Desde ACEAPP impulsamos un Programa de Control Cardiovascular para ordenar la respuesta frente a este desafío. El programa contempla:
- Tamizaje sistemático en personas mayores de 40 años y población con factores de riesgo.
- Controles médicos regulares y acceso a estudios básicos.
- Tratamiento antihipertensivo esencial, asegurado dentro de la red.
- Consejería en hábitos saludables, con foco en alimentación, actividad física y abandono del tabaco.
- Detección y control de comorbilidades como dislipemia, obesidad o diabetes.
- Indicadores de gestión claros, que permiten monitorear control de presión arterial, adherencia terapéutica y reducción de eventos cardiovasculares.
No se trata solo de salud pública: también es una cuestión económica. El costo anual de las internaciones por infarto, angina y ACV ronda los $1.600 millones, y cualquier reducción en estos eventos se traduce directamente en ahorros para el sistema. No es una proyección teórica: está probado que invertir en prevención es mucho más eficiente que cubrir internaciones y rehabilitaciones prolongadas.
Cada control de presión arterial es una decisión sanitaria concreta. Es un evento evitado, un gasto catastrófico menos para una familia y una persona que mantiene su capacidad de vivir con autonomía. Controlar la hipertensión es probablemente la intervención más costo-efectiva en salud cardiovascular, porque previene múltiples patologías al mismo tiempo. No requiere tecnología sofisticada, sino organización, equipos capacitados y voluntad política real.
En este punto, es importante recordar que la hipertensión no viaja sola. Suele coexistir con otros factores de riesgo: obesidad, sedentarismo, diabetes, dislipemias. Por eso, los programas no pueden ser fragmentados ni verticales. Necesitan abordajes integrales que se sostengan en el tiempo, articulados con atención primaria y con capacidad de escalar territorialmente.

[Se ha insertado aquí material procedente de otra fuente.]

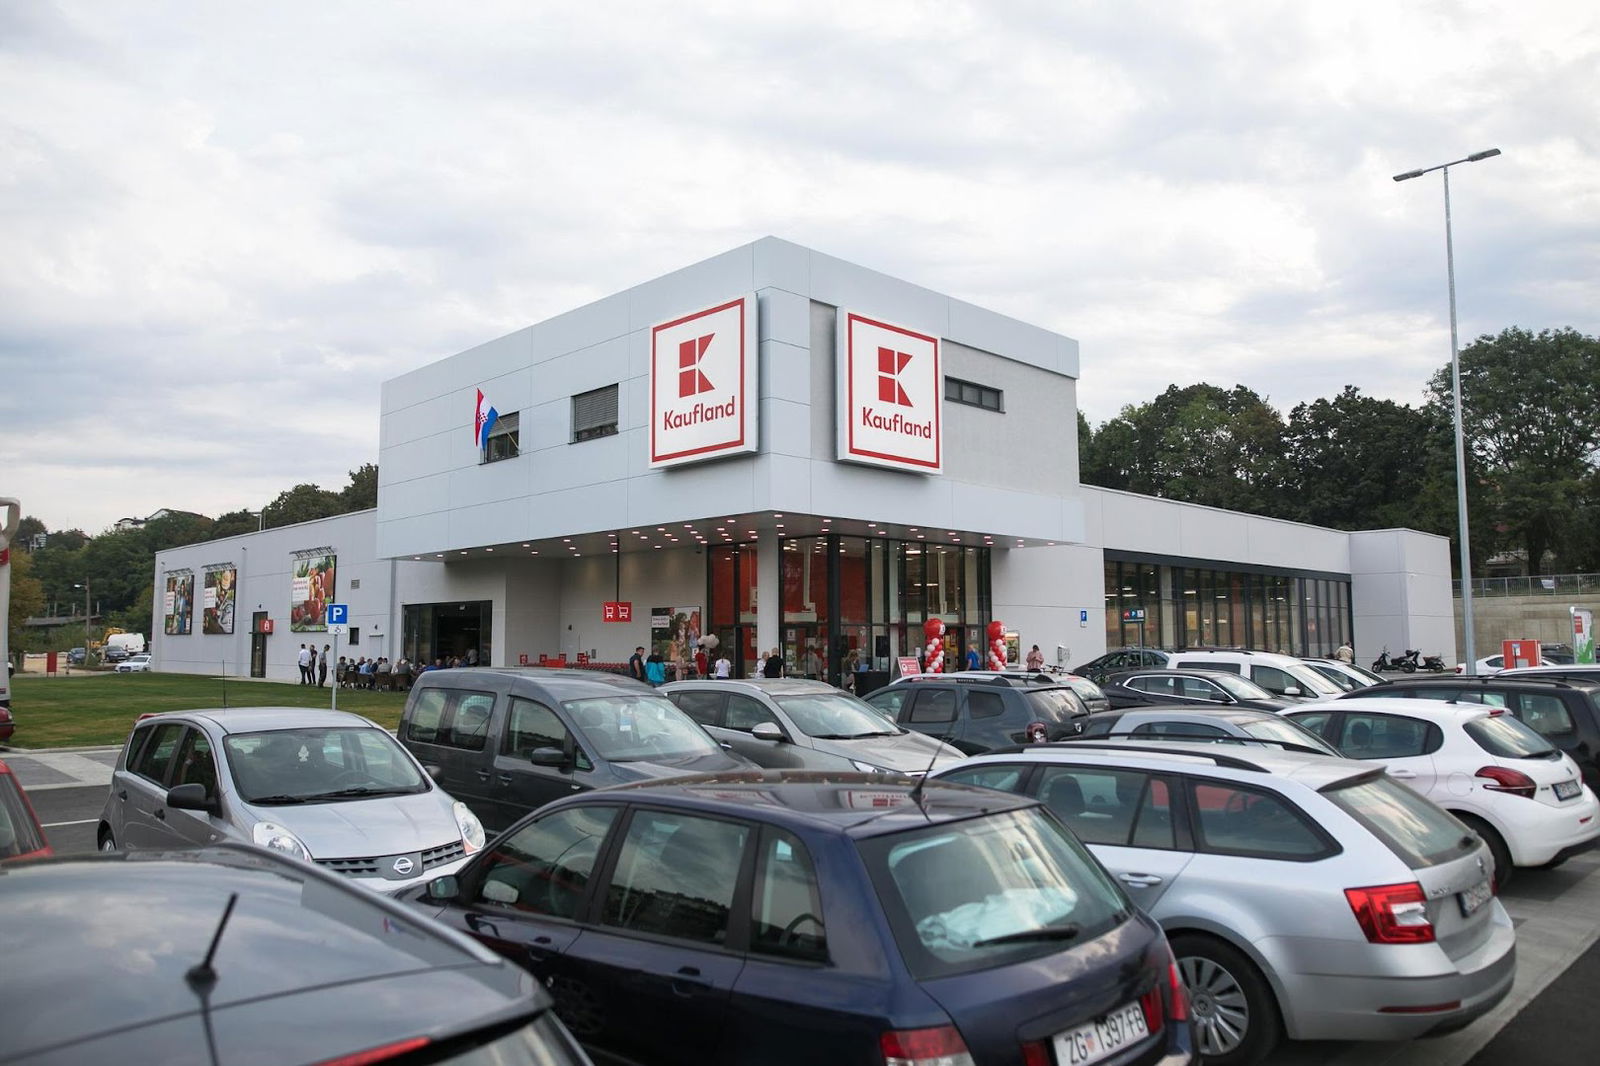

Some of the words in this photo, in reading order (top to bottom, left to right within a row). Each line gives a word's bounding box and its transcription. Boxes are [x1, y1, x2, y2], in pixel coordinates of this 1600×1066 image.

Esta primera entrega de la Trilogía sobre Enfermedades Crónicas No Transmisibles comienza con la hipertensión porque es la puerta de entrada más frecuente al riesgo cardiovascular. Si controlamos bien la presión arterial, reducimos en cascada infartos, ACV, insuficiencia cardíaca y muertes prematuras. Y, al mismo tiempo, liberamos recursos para otras áreas críticas de la salud.
Desde ACEAPP, trabajamos para que la prevención deje de ser una aspiración y se convierta en práctica sostenida. Una red organizada, profesionales comprometidos y decisiones firmes pueden cambiar el curso de esta enfermedad silenciosa que hoy atraviesa a millones de argentinos.
Porque controlar la presión, lejos de ser un acto médico aislado, es una política sanitaria inteligente, previsible y justa.